[Saved data entries]
..............................
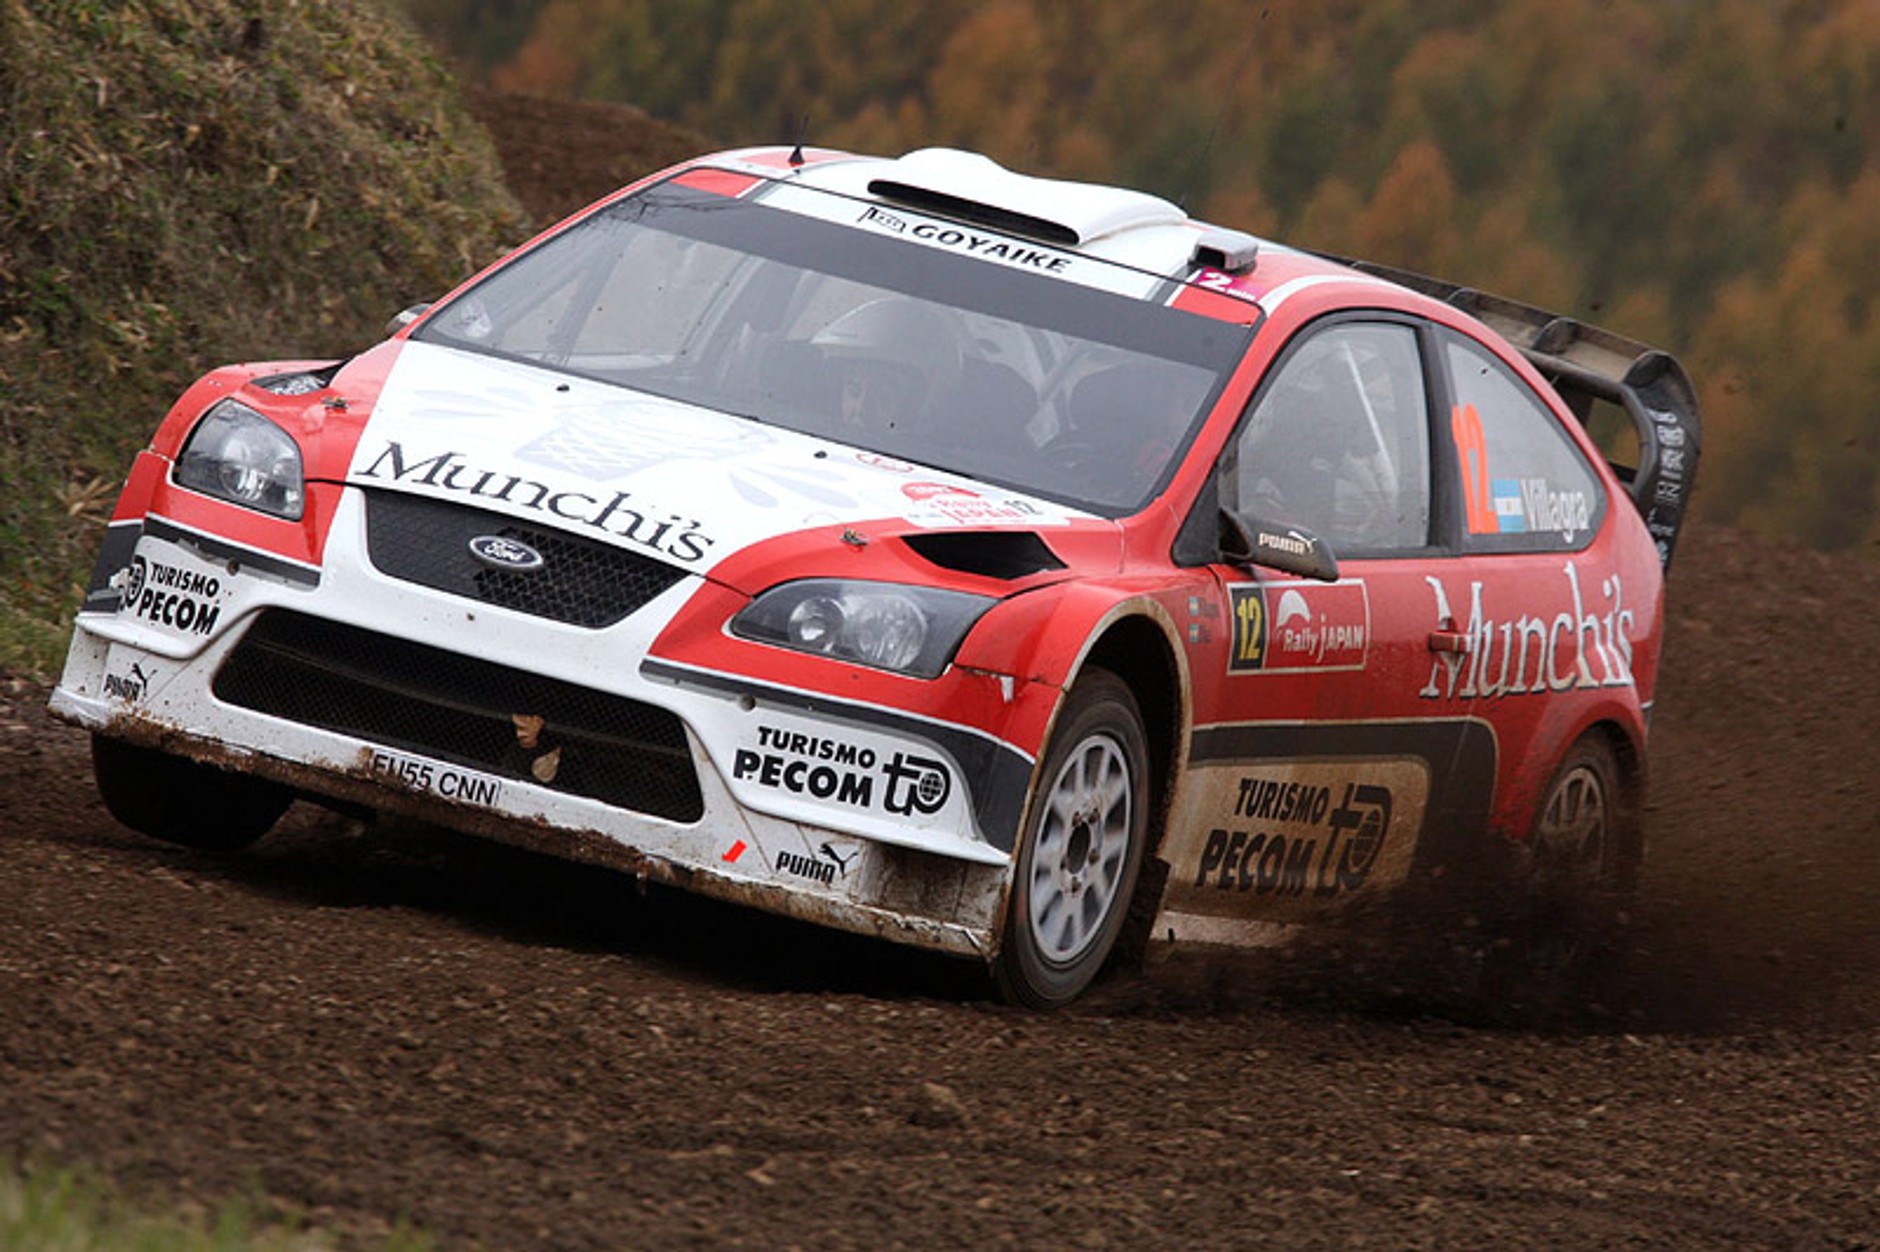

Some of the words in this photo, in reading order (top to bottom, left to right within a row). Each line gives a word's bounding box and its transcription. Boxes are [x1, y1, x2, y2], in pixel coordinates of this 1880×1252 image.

[912, 222, 1073, 273] GOYAIKE
[1452, 403, 1498, 534] 12
[355, 440, 716, 562] Munchi's
[1520, 478, 1589, 543] Villagra
[484, 541, 526, 561] Ford
[150, 561, 219, 597] TURISMO
[137, 588, 220, 635] PECOM
[1237, 597, 1262, 660] 12
[1419, 560, 1636, 698] Munchi's
[1284, 627, 1318, 656] Rally
[757, 726, 876, 769] TURISMO
[438, 773, 496, 804] CNN
[733, 750, 873, 806] PECOM
[1234, 778, 1330, 826] TURISMO
[776, 851, 836, 883] PUMA
[1195, 829, 1316, 897] PECOM
..............................
• _TASK OBJECTIVE_
Pictures do not belong in the copy. Output all of the records exactly.

• _TASK RESPONSE_
Some of the words in this photo, in reading order (top to bottom, left to right within a row). Each line gives a word's bounding box and its transcription. Boxes are [x1, y1, x2, y2], in pixel coordinates of this 1880×1252 image.

[912, 222, 1073, 273] GOYAIKE
[1452, 403, 1498, 534] 12
[355, 440, 716, 562] Munchi's
[1520, 478, 1589, 543] Villagra
[484, 541, 526, 561] Ford
[150, 561, 219, 597] TURISMO
[137, 588, 220, 635] PECOM
[1237, 597, 1262, 660] 12
[1419, 560, 1636, 698] Munchi's
[1284, 627, 1318, 656] Rally
[757, 726, 876, 769] TURISMO
[438, 773, 496, 804] CNN
[733, 750, 873, 806] PECOM
[1234, 778, 1330, 826] TURISMO
[776, 851, 836, 883] PUMA
[1195, 829, 1316, 897] PECOM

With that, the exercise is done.